Further, the brief notes that "[l]ike First American Financial Corp. v. Edwards, 132 S. Ct. 2536 (2012), which presented but did not resolve the same issue (and in which both the Chamber and the IADC participated as amici curiae), the Spokeo case therefore presents both a danger and an opportunity. If the decision below is allowed to stand, there is a serious danger of continued erosion of the minimum requirements for standing under Article III of the Constitution. Such a danger is of grave concern to the business community because (as this case illustrates) alleged technical violations of regulatory statutes can often affect large numbers of people without actually injuring them. If, as the Ninth Circuit held (following its precedent in Edwards) such people can bring lawsuits without the need to demonstrate any injury beyond the alleged statutory violation itself, businesses will predictably be tied up in damages litigation over harmless alleged lapses, diverting their resources from more productive uses. This case presents an opportunity to rein in abusive litigation over such trifles, and to restore proper constitutional limitations on no-injury lawsuits.

A copy of the amicus brief in Spokeo, Inc. vs. Thomas Robins can be found here.

IADC Joins U.S. Supreme Court Amicus Brief with FDCC and Washington Legal Foundation, Urging Reversal of Tenth Circuit's Refusal to Give Effect to CAFA Notice of Removal (5/29/2014)

The IADC joined with the Federation of Defense and Corporate Counsel (FDCC) and Washington Legal Foundation (WLF) in encouraging the U.S. Supreme Court to overturn a federal district court decision hindering an out-of-state defendant’s ability to remove a lawsuit from state to federal court. The brief argued that the defendant company’s statutorily mandated “short and plain statement of the grounds for removal” should have sufficed and that the district court should not have remanded the case due to a failure to include supporting evidence in the notice of removal.

The amici devoted most of their brief to urging the Supreme Court to disavow the pervasive “presumption against removal” that nearly all federal appeals courts have adopted. The brief noted that the district judge below stated explicitly that “the strong presumption against removal” guided her decision to remand the case to state court, and argued that the supposed presumption has no basis in Supreme Court precedent and contradicts normal rules of statutory construction.
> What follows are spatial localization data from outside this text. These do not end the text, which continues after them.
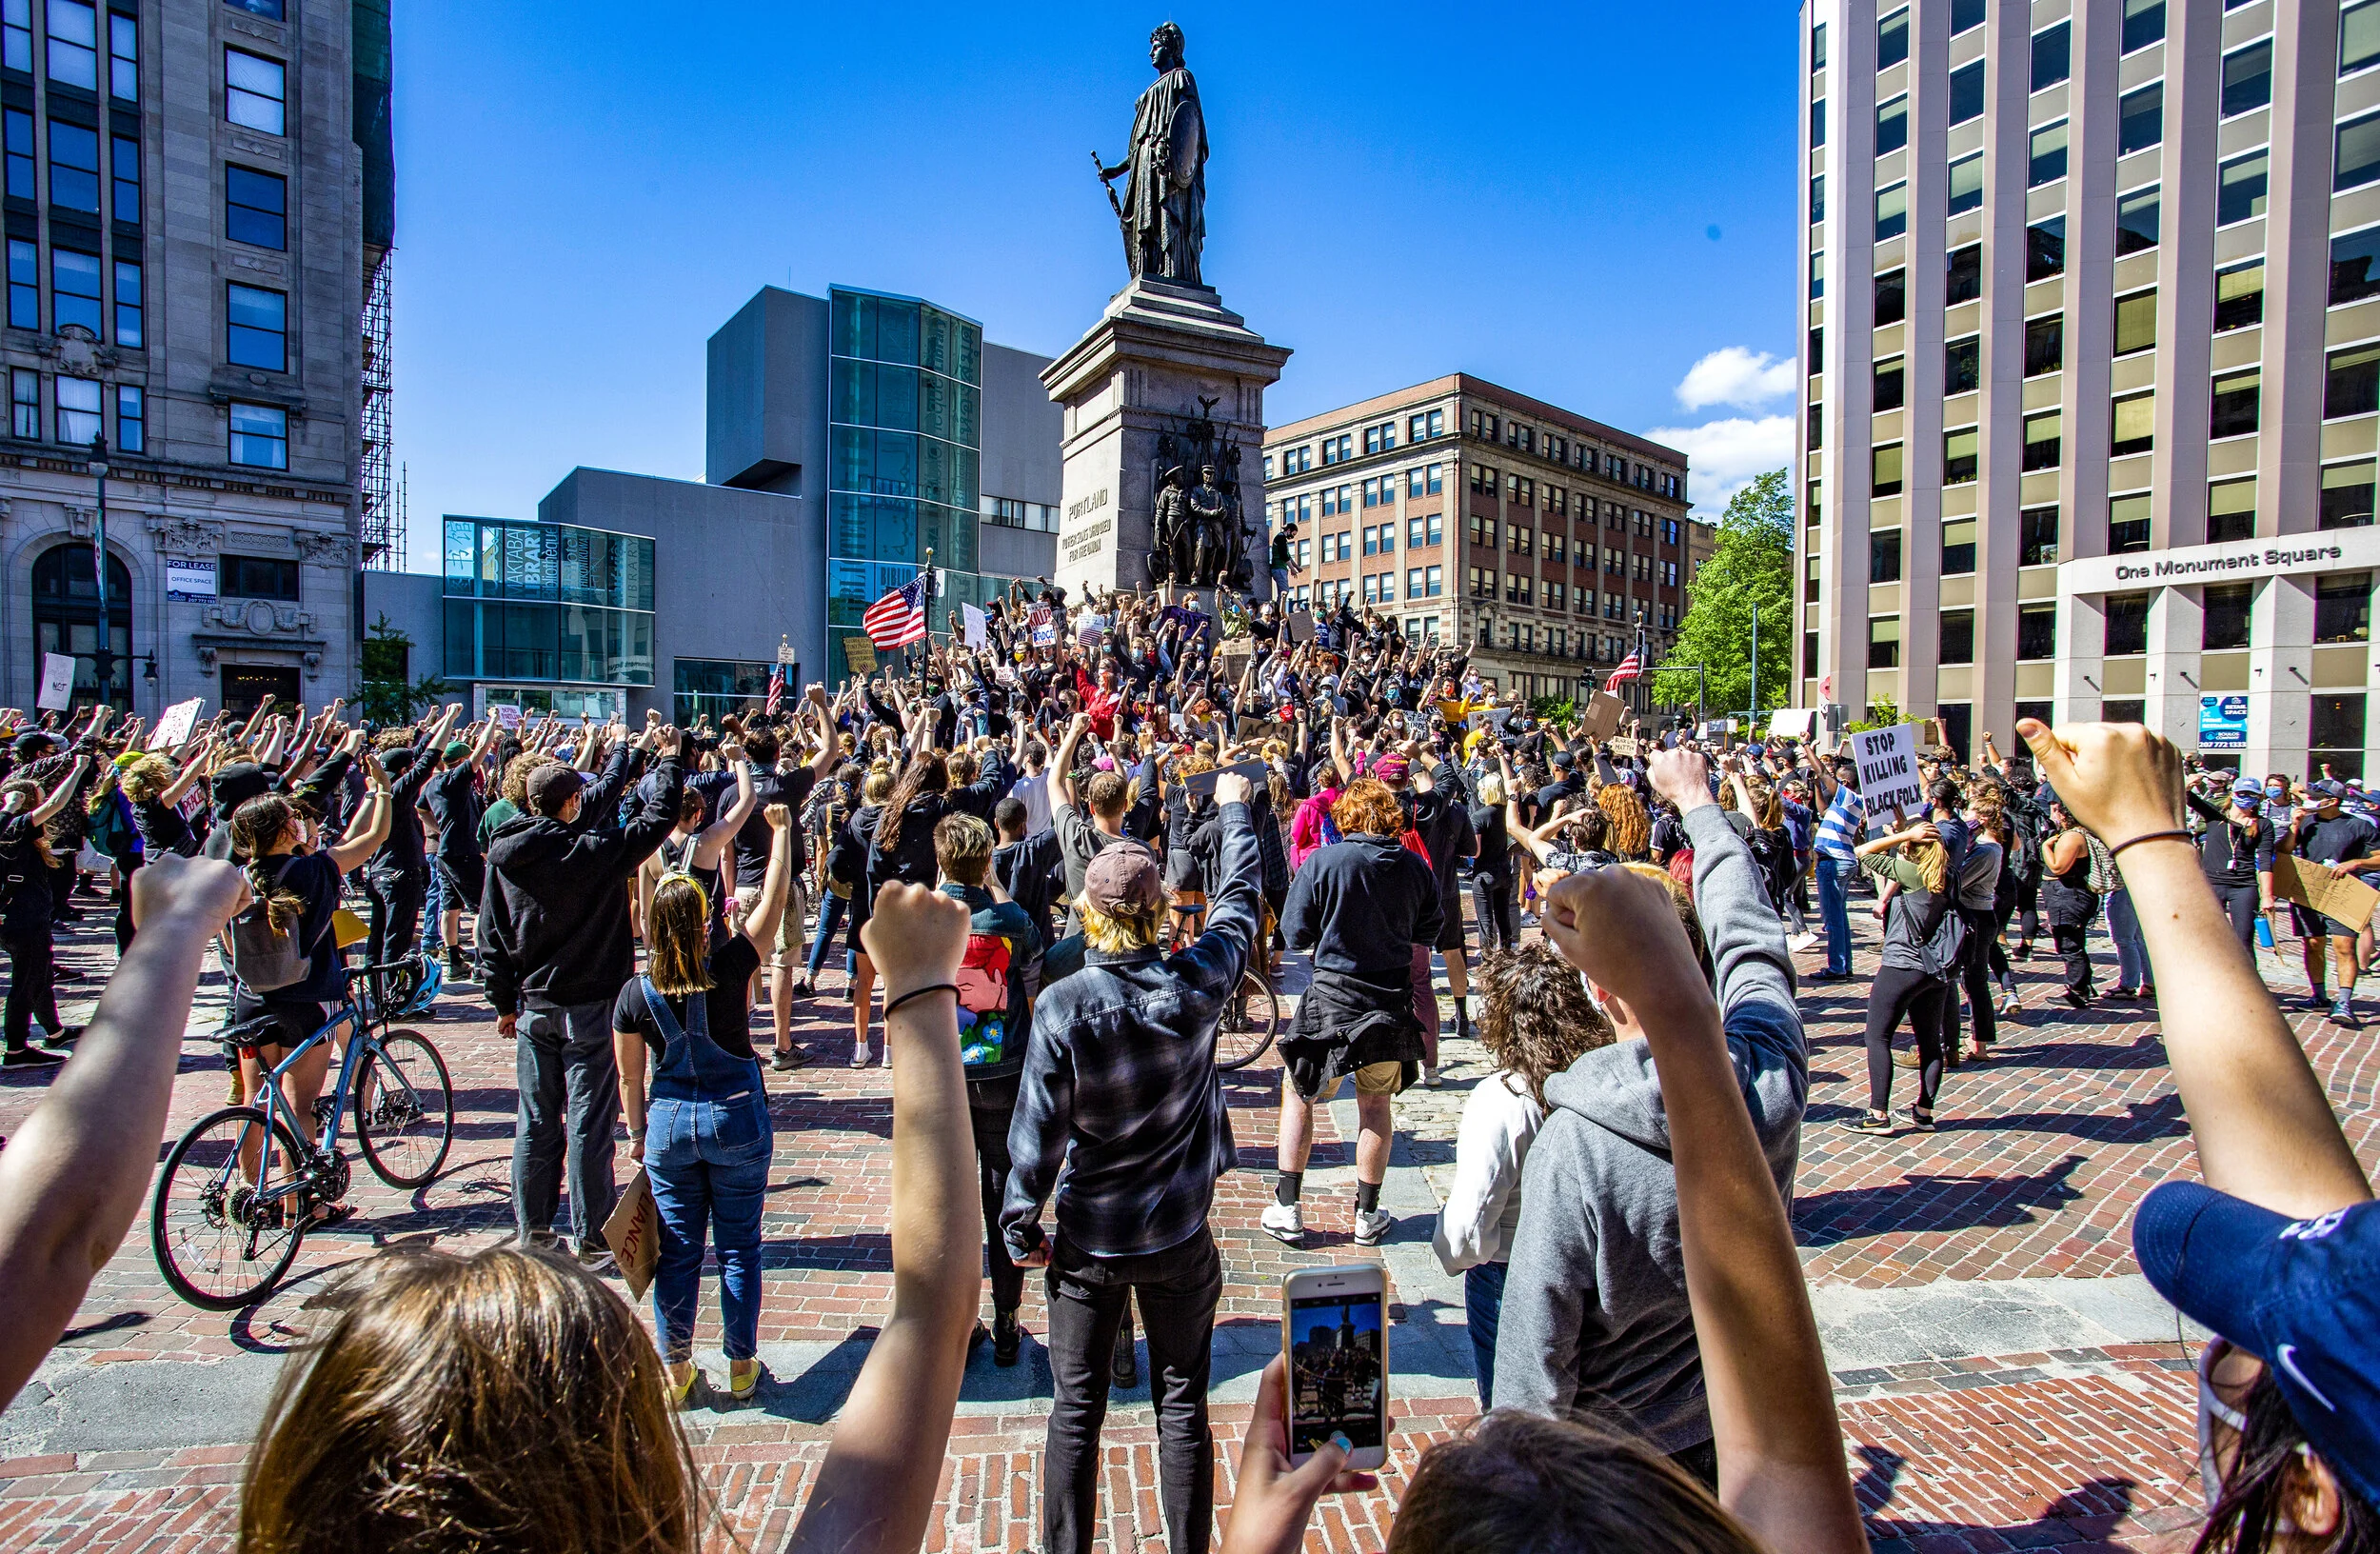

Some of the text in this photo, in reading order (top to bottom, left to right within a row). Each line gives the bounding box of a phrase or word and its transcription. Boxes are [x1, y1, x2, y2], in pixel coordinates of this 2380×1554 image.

[1069, 488, 1108, 522] PORTLAND
[167, 560, 216, 571] FOR LEASE
[525, 528, 541, 599] LIBRARY
[543, 527, 558, 600] Bibliothèque
[627, 538, 637, 609] LIBRARY
[2115, 546, 2341, 579] One Monument Square
[1033, 629, 1054, 642] BADGE
[53, 682, 67, 691] NOT
[1615, 743, 1635, 751] MATTER
[1866, 733, 1895, 756] STOP
[1863, 755, 1908, 785] KILLING
[182, 787, 203, 815] PEACE
[1865, 784, 1923, 817] BLACK FOLX
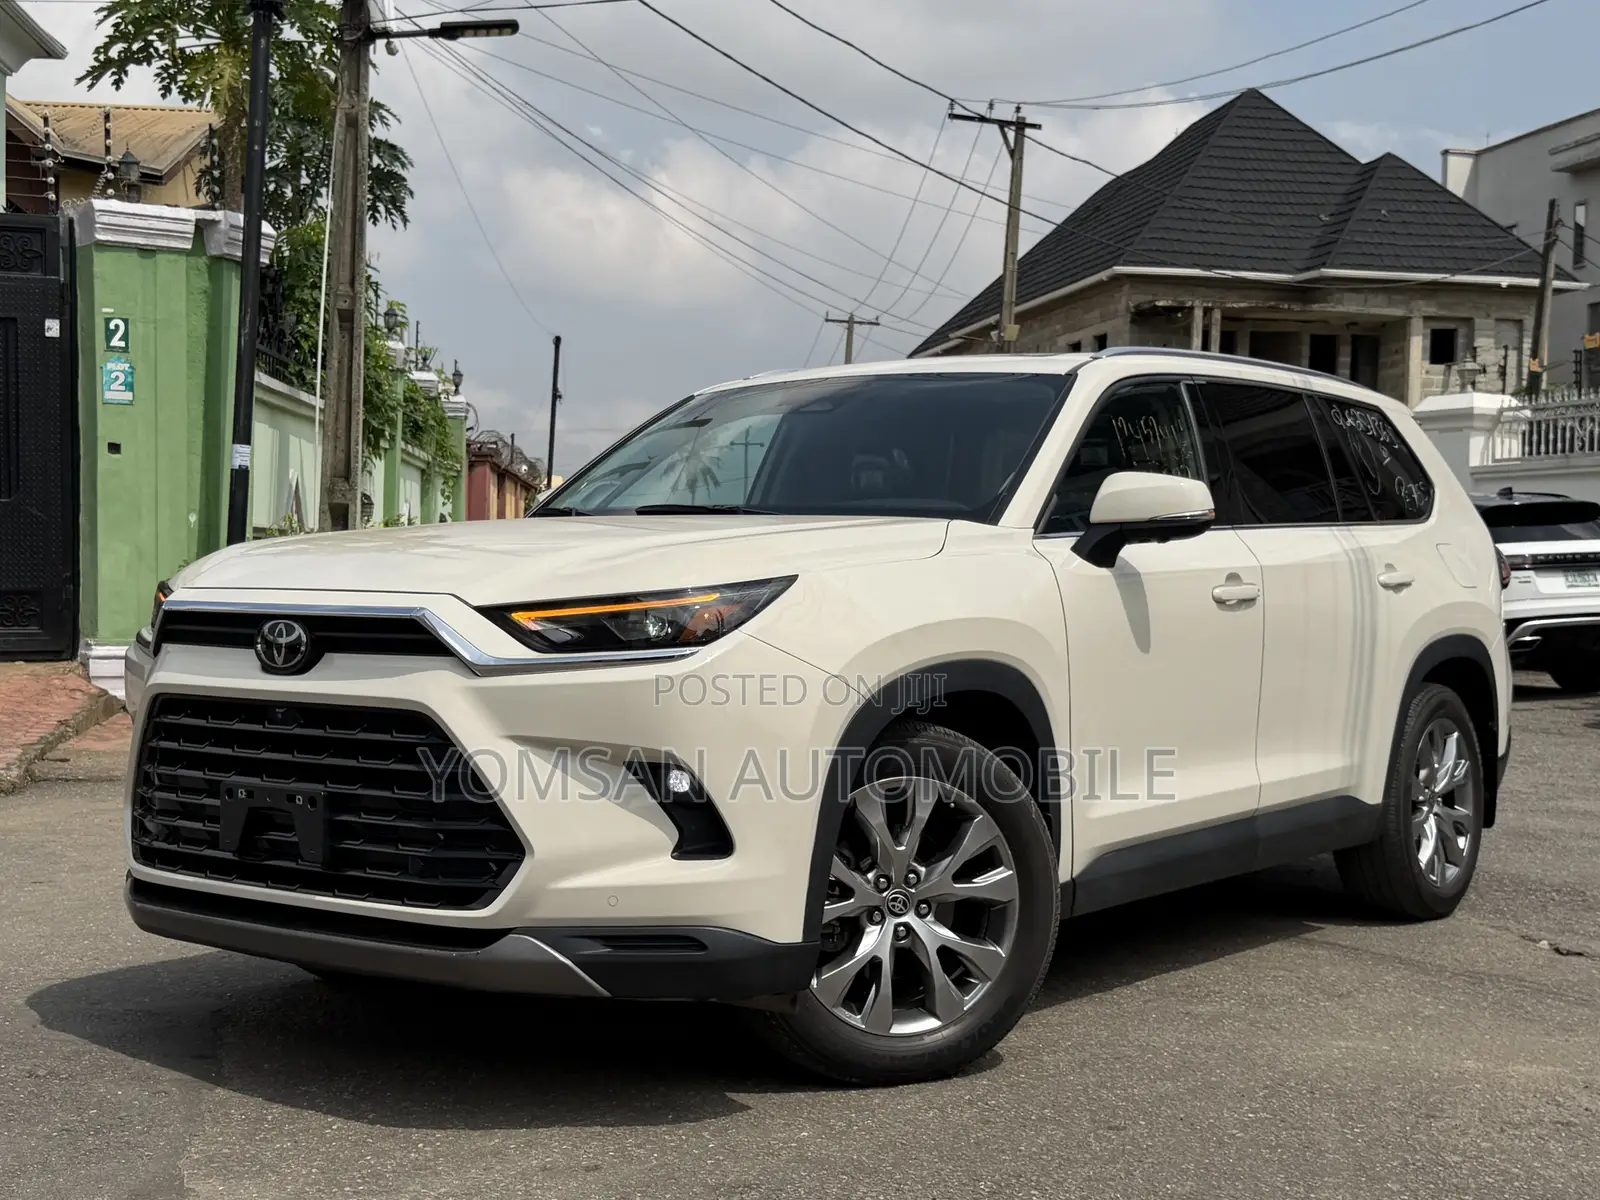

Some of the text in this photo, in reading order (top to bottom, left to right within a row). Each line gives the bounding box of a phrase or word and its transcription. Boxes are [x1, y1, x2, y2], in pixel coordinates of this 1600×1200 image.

The brief further observed that Congress has repeatedly expressed its support for expansive federal court removal jurisdiction, most recently when it adopted the Class Action Fairness Act in 2005. CAFA, which authorizes removal of virtually all large class actions, included findings that some state courts have “demonstrate[d] bias against out-of-State defendants.” CAFA’s explicit statutory support for removal rights is inconsistent with a judicially created presumption construing removal jurisdiction strictly. The brief was written by Richard Samp and Cory Andrews of the Washington Legal Foundation, alongside IADC Amicus Committee Chair Mary-Christine Sungaila and Jenny Hua of Snell & Wilmer LLP.

A copy of the amicus brief in Dart Cherokee Basin Operating Company, LLC, and Cherokee Basin Pipeline, LLC vs. Brandon W. Owens can be found here.

IADC Joins U.S. Supreme Court Amicus Brief in Support of Certiorari in Class Action Case (3/3/2014)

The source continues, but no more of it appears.